Bewildering Stories discusses...

Ronsard’s Quand vous serez bien vieille

with Lisa Davis


Ronsard’s Quand vous serez bien vieille appears in The Critics’ Corner of issue 177 (Dec. 12, 2005). The poem is accompanied by three translations and a critical appreciation.

Lisa Davis’s letter is included in this issue to fulfill belatedly a promise that it would appear when possible. Now, at a season’s end — spring in Canada, fall in Lisa’s Australia — it seems as good a time as any to acknowledge Lisa’s perceptive appreciation of two poets’ sense of carpe diem: Ronsard also addresses the topic memento mori and looks to the future, while Baudelaire is known for taking caution and inspiration from the present.


[Lisa Davis] Basking, indolent upon the sands of the Indian Ocean, burning bodily surfaces upon the liminal glory of COVID-free Western Australia, recontemplating Quand vous serez bien vielle (as found @bewilderingstories) some 40 years down the track from undergrad French, and I’m all but simultaneously revisited with Je te donne ces vers, afin que si mon nom and find myself reflecting that the sex-charged trope of immortality (name/reputation/poetic opus extending past bodily expiry) doesn’t change much over time (Hello Marvell’s ‘Coy Mistress’, Donne’s ‘Flea’ et cetera).

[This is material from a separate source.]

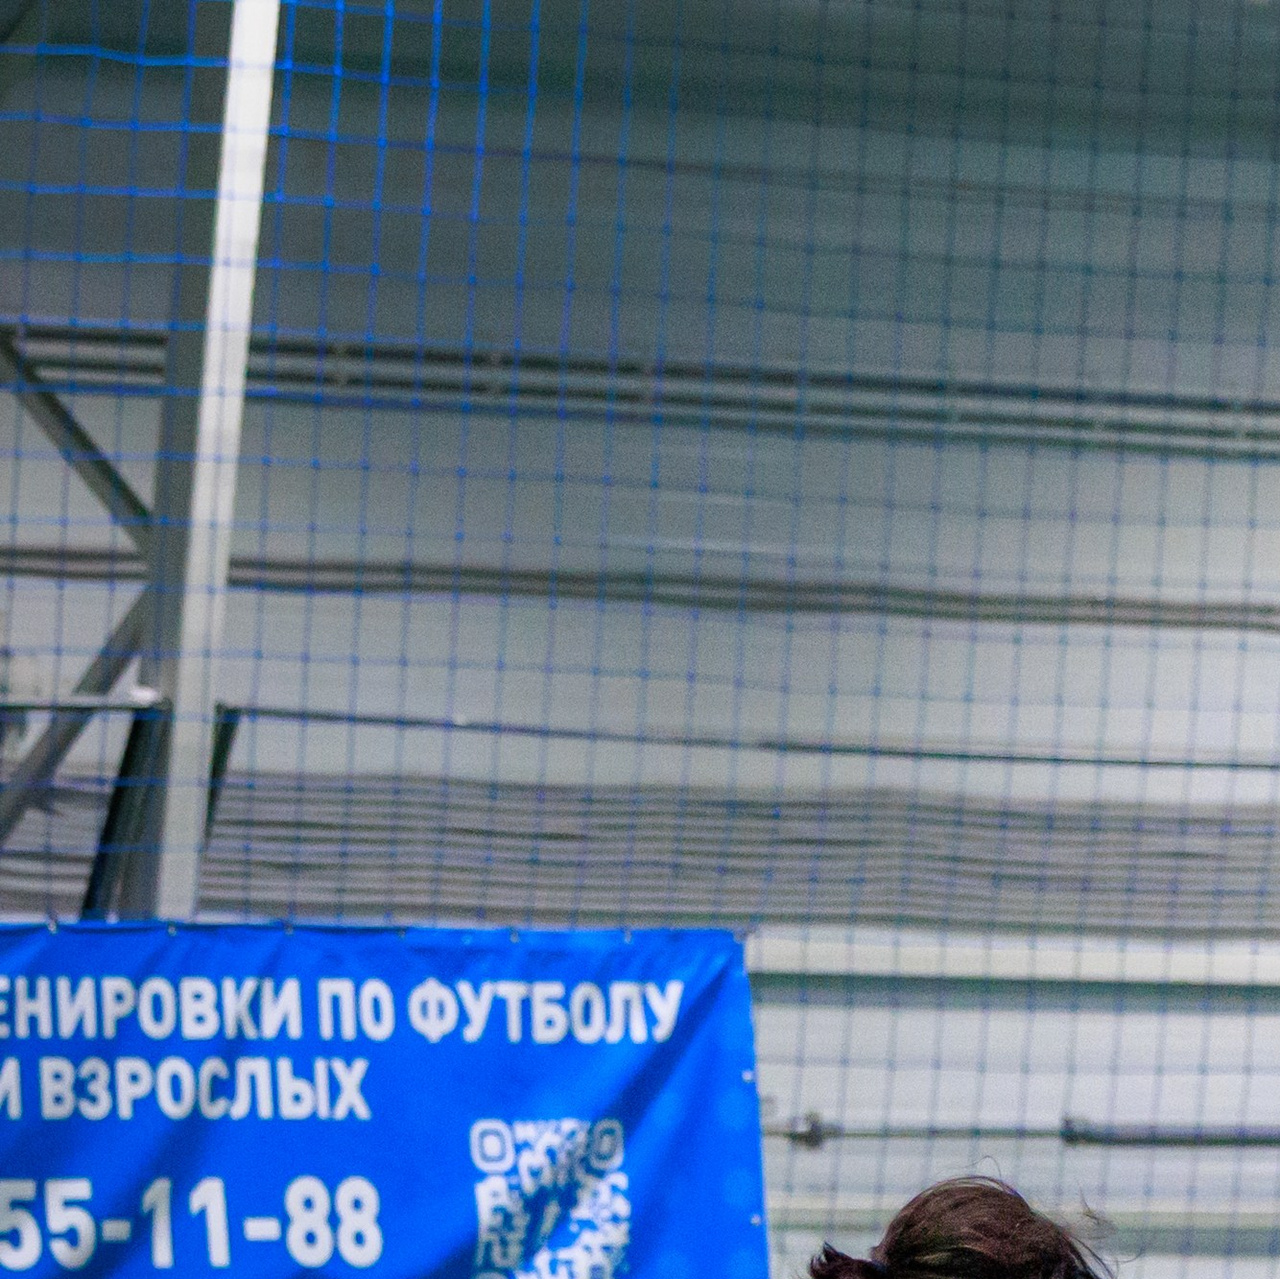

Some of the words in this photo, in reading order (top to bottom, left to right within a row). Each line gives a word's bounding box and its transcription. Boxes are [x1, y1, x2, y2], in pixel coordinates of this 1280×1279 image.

[319, 978, 395, 1041] ПО
[408, 978, 684, 1044] ФУТБОЛУ
[39, 1056, 372, 1121] ВЗРОСЛЫХ

Its success depends on irony. But the weighting of irony depends on the sympathies of the reader.

Ronsard crouches amongst the myrtles, which he’d encourage us-the-readers to confound with laurels, advising (the much younger or simply more Idealist?) Hélène to indulge in pleasurable frolics whilst she may, thus to pre-pay, with her youthful body, her share of the literary eternity that Ronsard can provide.

Baudelaire, partisan of simultaneity, cowers in the eternal infernal present, rendered almost tolerable by protection afforded by his hard-mettled mineral mistress, echo chamber of his misery: he and she, art and Ideal, indissociable, reciprocally prolonging each the other, sans terminus ad quem. Fleshly indulgence has already provided him with its best/worst certainty. It’s the same story. Wryly funny or irredeemably disastrous. At any rate, Baudelaire writhes within a steady, familiar tradition.


[Don Webb] Thank you for the appreciation of our presentation of Ronsard’s famous sonnet. It is the only poem we have, I think, that is accompanied by multiple translations.

It is safe, I think, from the kind of snark that a reader leveled at my translation of Arthur Rimbaud’s Le Dormeur du val. He cited another translation as “ïncomparable.” I knew of that translation. I consider it pretentious, which Rimbaud’s poem most certainly is not.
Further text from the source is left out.